▶ WORK INSTRUCTION:
Output the records below in full, word for word; pictures do not belong in it.

↓↓↓

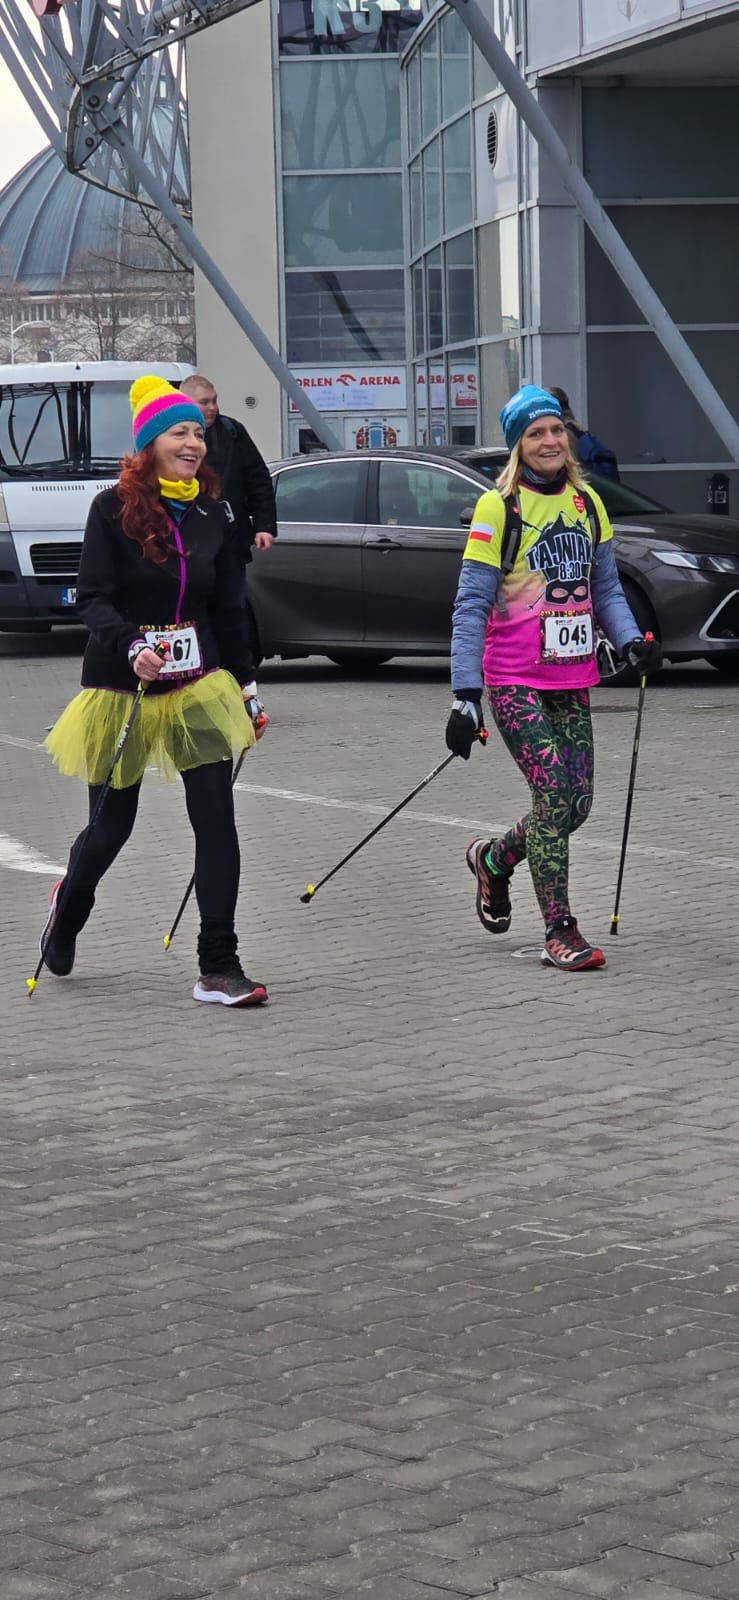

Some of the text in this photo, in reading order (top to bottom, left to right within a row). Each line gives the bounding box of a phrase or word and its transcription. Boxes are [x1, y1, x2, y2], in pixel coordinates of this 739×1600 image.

[359, 376, 400, 386] ARENA
[559, 561, 581, 581] 8:30
[559, 624, 587, 646] 045
[168, 637, 192, 661] 67

↑↑↑

▶ TASK OUTPUT:
Some of the text in this photo, in reading order (top to bottom, left to right within a row). Each line gives the bounding box of a phrase or word and its transcription. Boxes are [x1, y1, x2, y2], in pixel coordinates of this 739×1600 image.

[359, 376, 400, 386] ARENA
[559, 561, 581, 581] 8:30
[559, 624, 587, 646] 045
[168, 637, 192, 661] 67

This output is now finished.